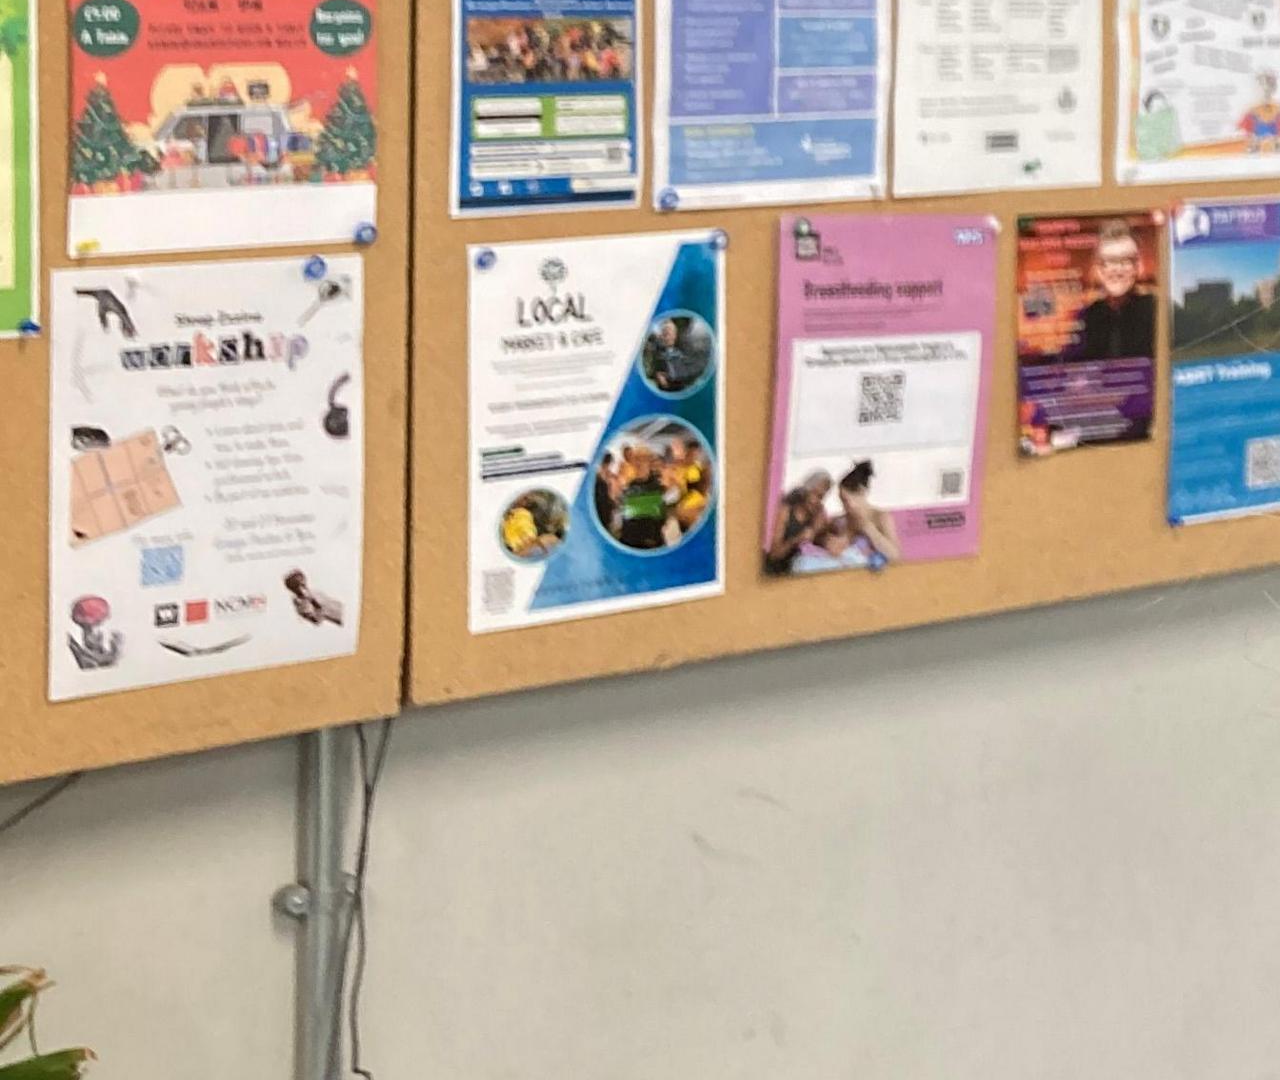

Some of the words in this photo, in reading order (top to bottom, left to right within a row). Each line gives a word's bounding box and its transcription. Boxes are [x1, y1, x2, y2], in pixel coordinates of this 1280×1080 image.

[803, 278, 893, 302] Breastfeeding
[896, 278, 944, 302] support
[516, 291, 595, 328] LOCAL
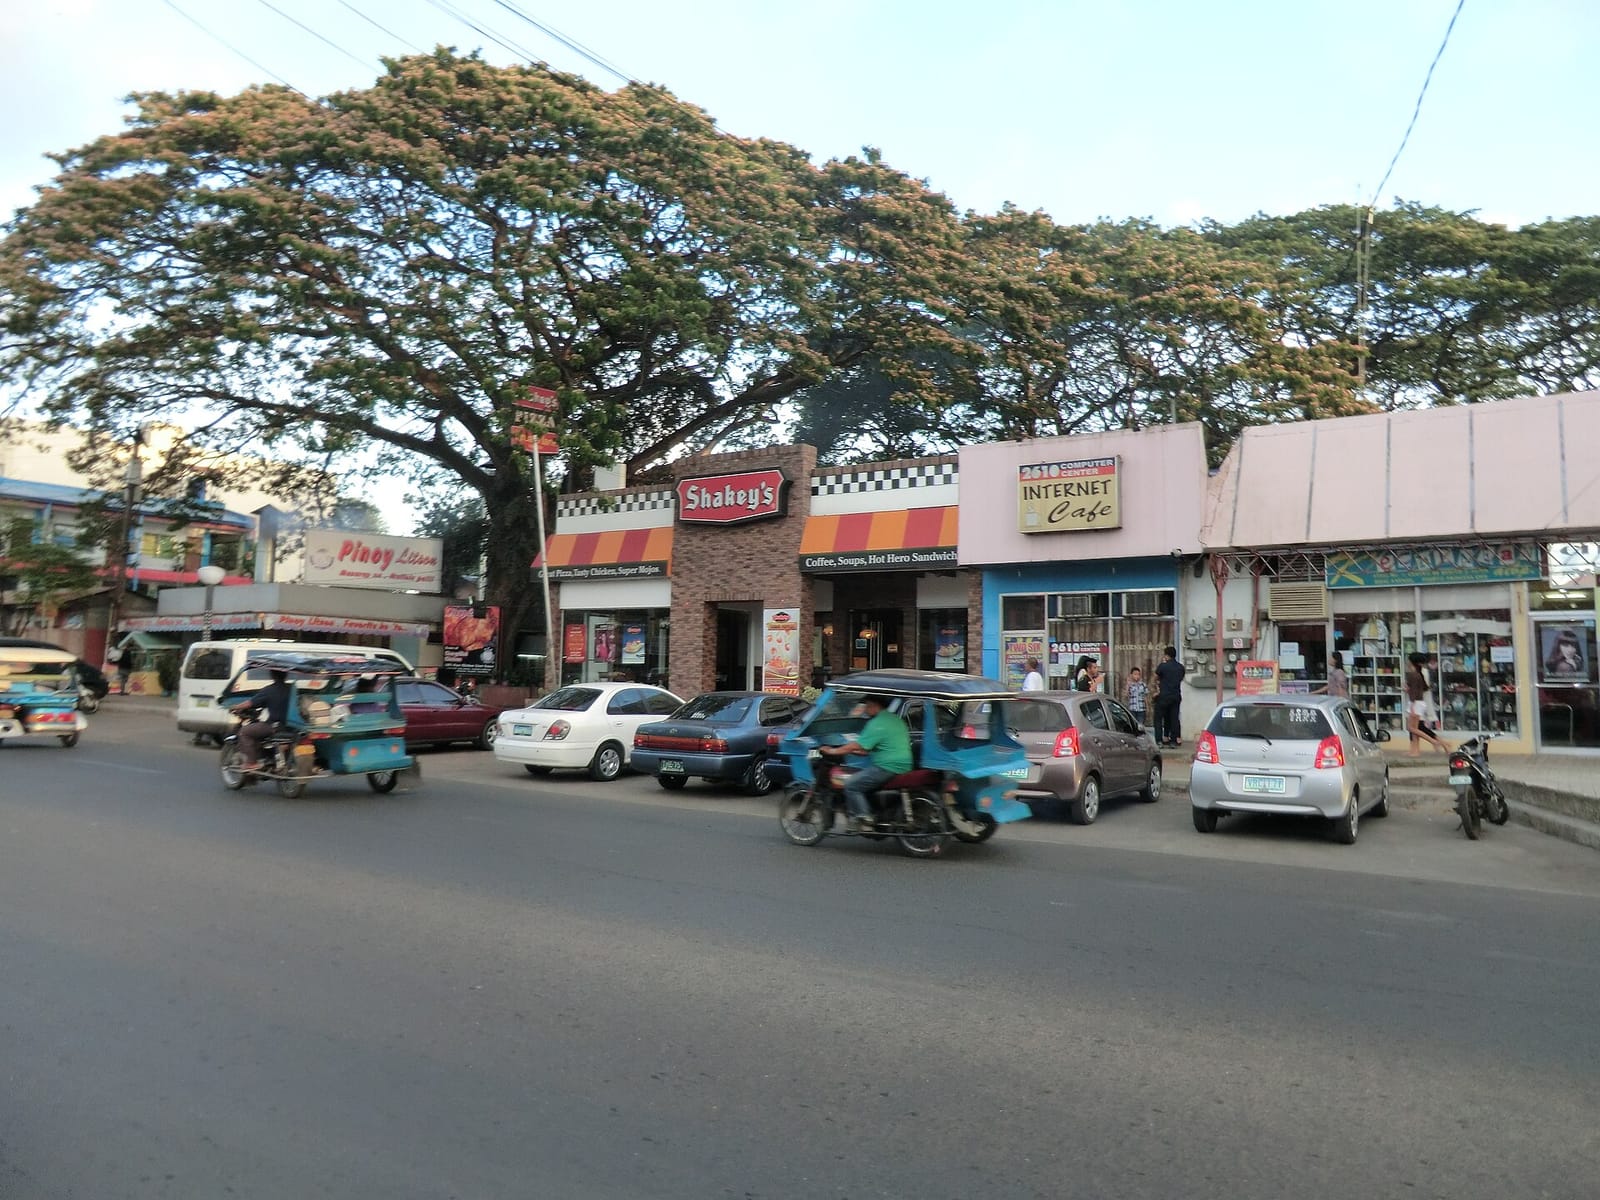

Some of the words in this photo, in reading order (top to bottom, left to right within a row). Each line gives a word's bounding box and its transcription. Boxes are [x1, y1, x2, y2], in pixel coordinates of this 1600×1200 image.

[1021, 464, 1060, 479] 2610
[1060, 459, 1113, 469] COMPUTER
[1060, 467, 1098, 477] CENTER
[685, 481, 774, 510] Shakey's
[1023, 479, 1111, 500] INTERNET
[1047, 500, 1112, 523] Cafe
[338, 540, 394, 571] Pinoy
[805, 557, 837, 567] Coffee,
[838, 556, 867, 566] Soups,
[869, 554, 885, 564] Hot
[887, 553, 910, 563] Hero
[1051, 642, 1080, 653] 2610
=-=-=
TO DO
The pictures stay out of the copy. Set down the entries above precisely.

EXERCISE ANSWER
Some of the words in this photo, in reading order (top to bottom, left to right within a row). Each line gives a word's bounding box and its transcription. Boxes are [x1, y1, x2, y2], in pixel coordinates of this 1280×1080 image.

[803, 278, 893, 302] Breastfeeding
[896, 278, 944, 302] support
[516, 291, 595, 328] LOCAL

Some of the words in this photo, in reading order (top to bottom, left to right within a row). Each line gives a word's bounding box and its transcription. Boxes are [x1, y1, x2, y2], in pixel coordinates of this 1600×1200 image.

[1021, 464, 1060, 479] 2610
[1060, 459, 1113, 469] COMPUTER
[1060, 467, 1098, 477] CENTER
[685, 481, 774, 510] Shakey's
[1023, 479, 1111, 500] INTERNET
[1047, 500, 1112, 523] Cafe
[338, 540, 394, 571] Pinoy
[805, 557, 837, 567] Coffee,
[838, 556, 867, 566] Soups,
[869, 554, 885, 564] Hot
[887, 553, 910, 563] Hero
[1051, 642, 1080, 653] 2610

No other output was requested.